What it means for you as an individual

The Cabinet Secretary National Treasury, Mr. Ukur Yatani, proposed aNational Budget of KES 3.03 trillion for the 2021/2022 on June 10, 2021. The budget sought to support economic recovery following the negative impact of COVID-19 and the resultant containment measures. The National Treasury estimates that Kenya’s economic growth slowed to a record low of 0.6% in 2020 compared to 5.4% in 2019. It is also expected that growth is likely to rebound to approx. 6.6% in 2021, supported by the ongoing COVID-19 vaccinations, which will play a critical role in the resumption of economic activities. 

 

The COVID-19 pandemic has deepened the need for healthcare. As a result, the government allocated KES47.7Bn to accelerate access to quality and affordable healthcare through the Universal Health Coverage (UHC) to all counties. Other than this, the budget also focused on a few other sectors of the economy as high priority areas for the financial year 2021/2022. 

 

We delve into this year’s budget and highlight what it really means for you as an individual: 

 

  1. Increase in domestic borrowing

The government plans to increase its domestic borrowing (through the Central Bank’s sale of treasury bills and treasury bonds) to KES 658.5 billion  compared to KES 493.4 billion in 2020/2021, representing a 33% year-on-year (y-o-y) increase. Domestic Borrowing refers to a practice where a government finances its budget by borrowing money from investors within the country. 

The potential impact: The higher domestic borrowing target may lead to a rise in interest rates, which would be negative for bonds (it is worth noting that interest rates and bond valuations have an inverse relationship, meaning that an increase in interest rates lowers the value of a bond). The positive news is that the high liquidity levels in the market currently may reduce the probability of a spike in rates on treasury bonds. Currently, treasury bills and treasury bonds have recorded oversubscriptions. Consequently, the Central Bank has sufficient room to reject aggressive rates by investors. However,  on the other hand, in the short-term,  investors may receive lower interest income if interest rates on treasury bills decline amid the high liquidity levels. In the long-term, investors are likely to enjoy competitive returns from treasury bills and bonds especially if interest rates exceed the rates of inflation, thereby resulting in positive real returns. 

 

  1. Payment of  Value Added Tax (VAT)  refunds and clearance of pending bills

The Cabinet Secretary allocated KES 10 billion for the payment of VAT refunds and KES 13.1 billion for the clearance of pending bills.

The potential impact: If implemented, these initiatives would provide some reprieve to individuals or SMEs with unpaid loans arising from delayed payments for services rendered to the government.  

 

iii. Digital Service Tax developments

The introduction of Digital Service Tax in the Finance Act, 2020, led to the imposition of a 1.5% tax on income earned online. In this year’s budget, the Cabinet Secretary proposed to expand the scope of digital service tax in order to include income derived through the internet and electronic network. Previously, the tax provisions did not cover all traders who use digital service platforms to transact their business 

The potential impact: In the event that businesses pass on the cost of taxation, customers will incur higher costs when buying goods and services online. Also, if you run a business and you advertise your product or service online, this will mean increased cost of doing business. 

 

  1. The “Big Four” Budget Allocations

The government set aside KES 142.1 billion cumulatively for the “Big Four” drivers and enablers:Food Security- KES 60.0 billion;UHC-KES 47.7 billion ;Manufacturing -KES 20.5 billion and Affordable Housing-KES 13.9 billion.

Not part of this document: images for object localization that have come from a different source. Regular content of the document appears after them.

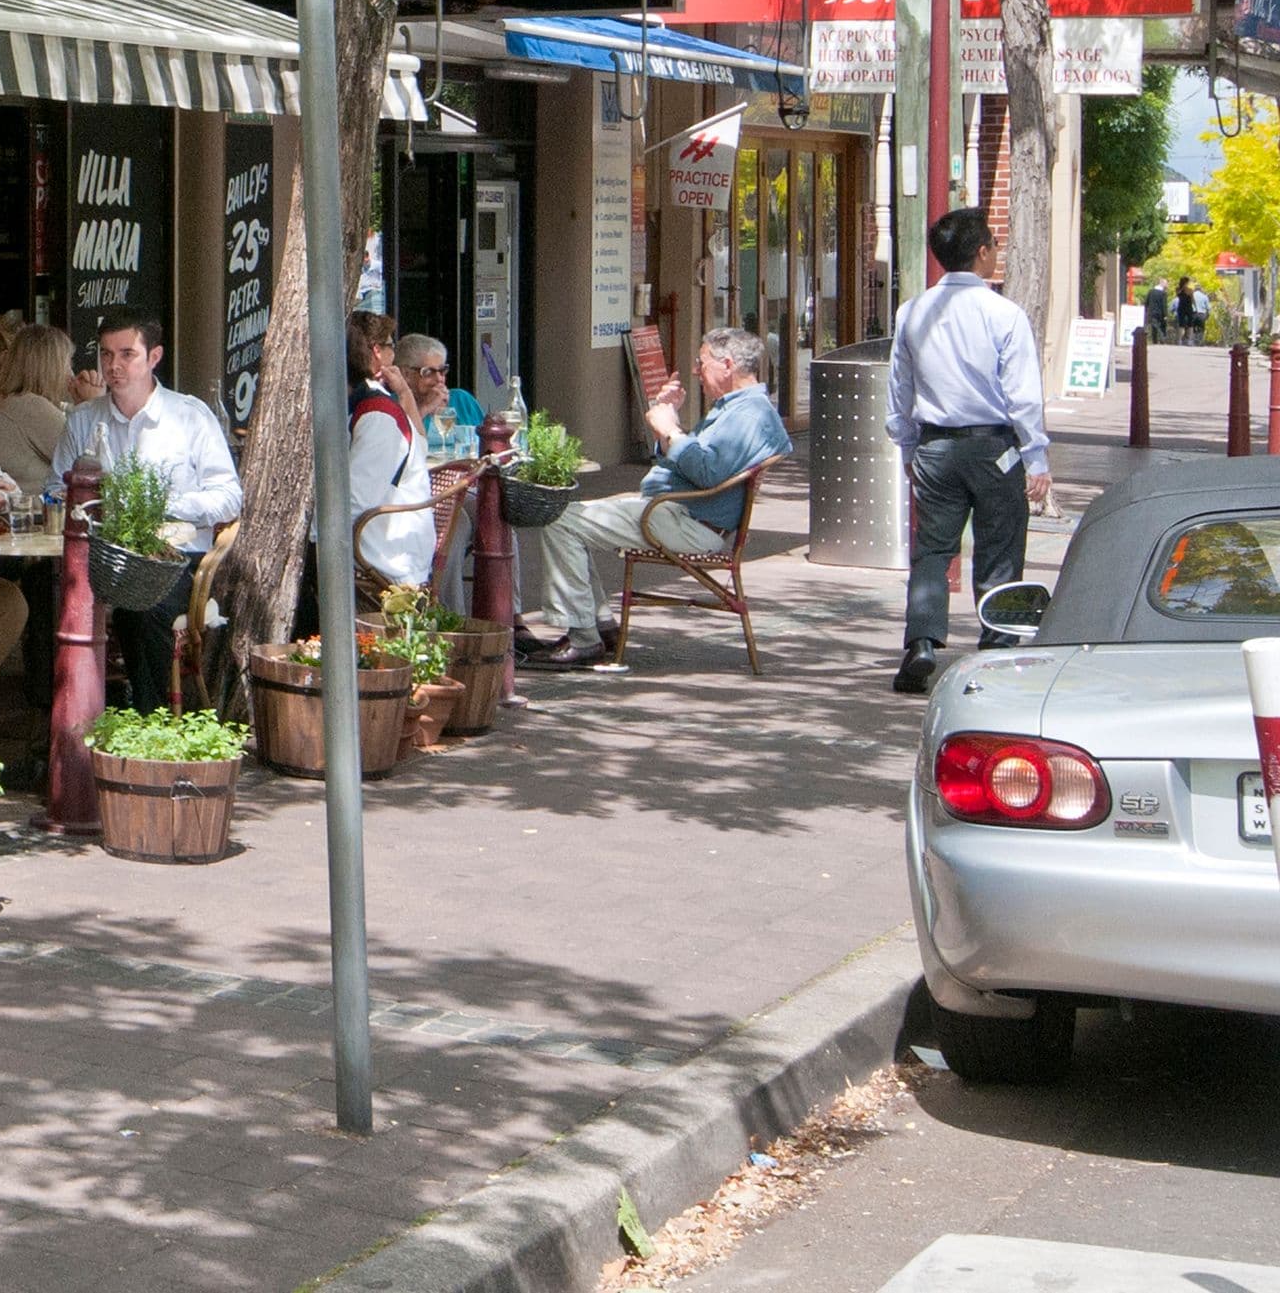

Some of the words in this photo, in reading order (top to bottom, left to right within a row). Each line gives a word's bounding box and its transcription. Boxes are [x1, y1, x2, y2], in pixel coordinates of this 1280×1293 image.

[818, 49, 871, 62] HERBAL
[650, 54, 674, 75] DRY
[677, 60, 735, 85] CLEANERS
[817, 68, 895, 83] OSTEOPATH
[77, 149, 131, 206] VILLA
[225, 163, 268, 215] BAILEYS
[669, 169, 730, 188] PRACTICE
[678, 190, 714, 207] OPEN
[73, 218, 141, 272] MARIA
[227, 278, 260, 323] PETER
[1121, 794, 1159, 809] SP
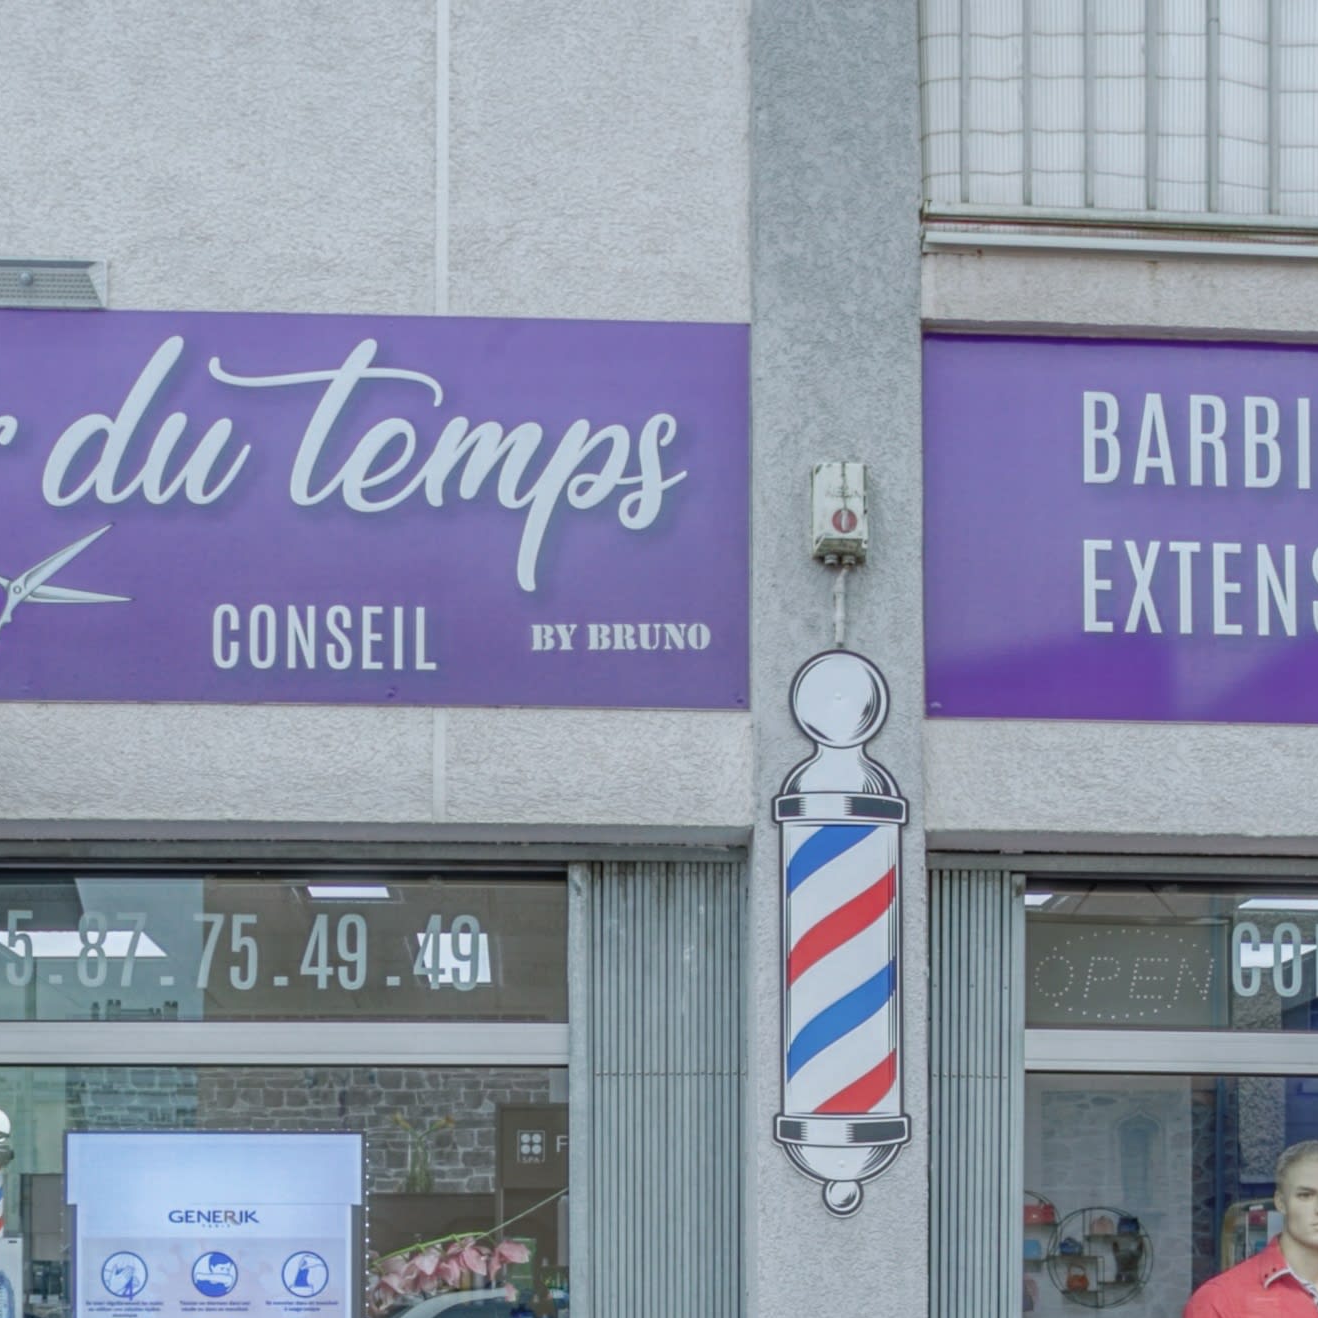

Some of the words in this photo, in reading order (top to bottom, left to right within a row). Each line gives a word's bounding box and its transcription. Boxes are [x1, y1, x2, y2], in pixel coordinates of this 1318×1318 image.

The potential impact: Overall, the roll out of projects under these pillars should support long-term economic growth. If implemented, these initiatives would allow individuals to reap the benefits of better healthcare and food availability as well as job opportunities and access to affordable housing.

 

  1. Kenya Mortgage Refinance Company (KMRC) capital injection

The KES 3.5 billion allocation for KMRC proposed in the budget would enhance the company’s balance sheet for lending to mortgage lenders. As at December 2020, KMRC had refinanced 1,400 affordable housing loans worth KES 2.75 billion cumulatively.

The potential impact: KMRC is critical to the success of the affordable housing agenda because the company disburses money at affordable rates to mortgage lenders who in turn provide affordable mortgages to individuals. The increasing scale of KMRC is likely to provide more individuals with affordable mortgages.